Beyond all time, beyond all “you” and “I”

  The vessel of your body can consign

  Your soul to the fires of love divine

  From which fires all wisdom can disperse

  Essences beyond all insights of verse.

  I AM YOU

  I am the dust that dances in the light

  I am the sun that chases out the night

  I bid the particles of dust to stay

  I beg the sun, “Continue on your way!”

  I am that veil of earth, the morning mist

  I am the twilight flock of birds that twist

  And turn and wheel and return to the nest.

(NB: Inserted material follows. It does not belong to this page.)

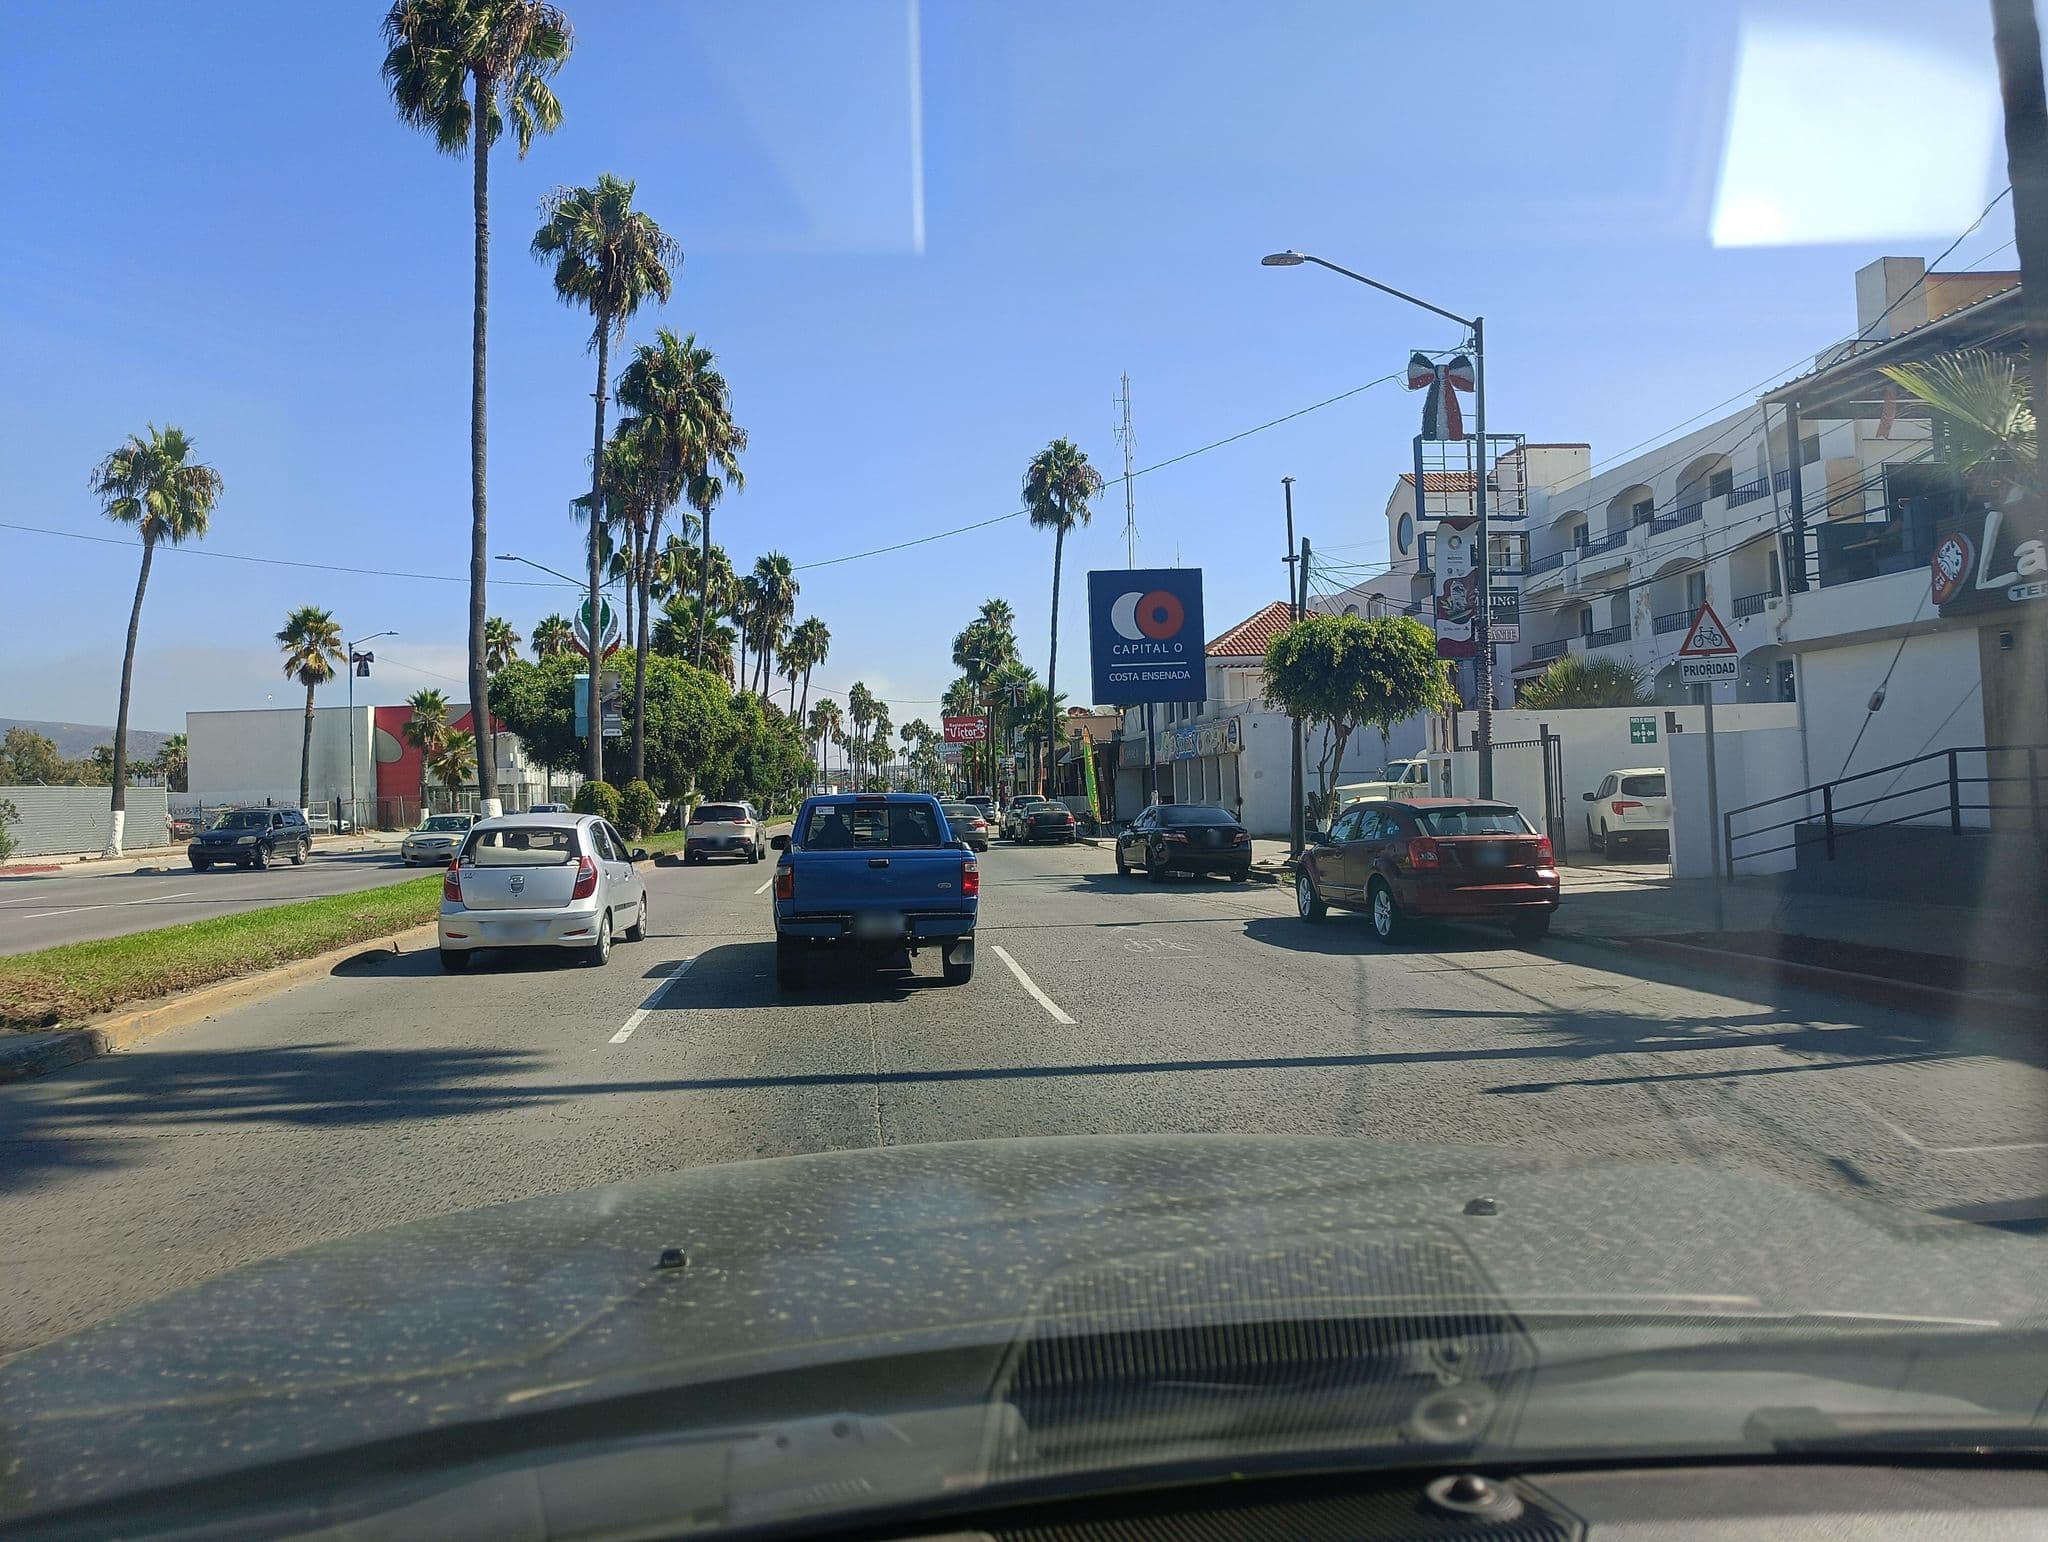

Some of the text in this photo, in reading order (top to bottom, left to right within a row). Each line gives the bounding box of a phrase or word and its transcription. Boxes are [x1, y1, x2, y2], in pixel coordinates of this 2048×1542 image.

  The surf that gives the rocky cliff no rest

  And turns again to waves to lash the hull

  Of shipwrecked vessels. And I am the skull

  Of the body washed up on the coral reef

  Time makes no difference between priest and thief

  I am the parrot captive in the cage

  The silence, word, the whisper, and the rage

  Or melody that pours out of the flute

  The spark of flint, the candle flame and soot

  I am the moth destined for suicide

  I am the rose and its fragrance astride

  The garden breeze. I am the galaxy

  The logic of the evolutionary

  Drift. So Jalal ad-Din identify

  Yourself as One who says that You are I.

  THE SONG OF THE REED

  This is the story of the reed that weeps

  Tears of separation as it keeps

  The memory of parting in lament

  And cries for all the pain it underwent

  Torn from its bed, O how its heart does yearn

  And generates the dream of its return

  The knowledge of love and of its caress

  The shattered heart knows well and can express

  Them better than the heart that’s never known

  The pain of being in darkness, all alone.

  Into the gatherings of men I went

  None in those crowds could guess at the extent

  Of suffering so hidden in my breast

  Because I mingled, disguised like the rest.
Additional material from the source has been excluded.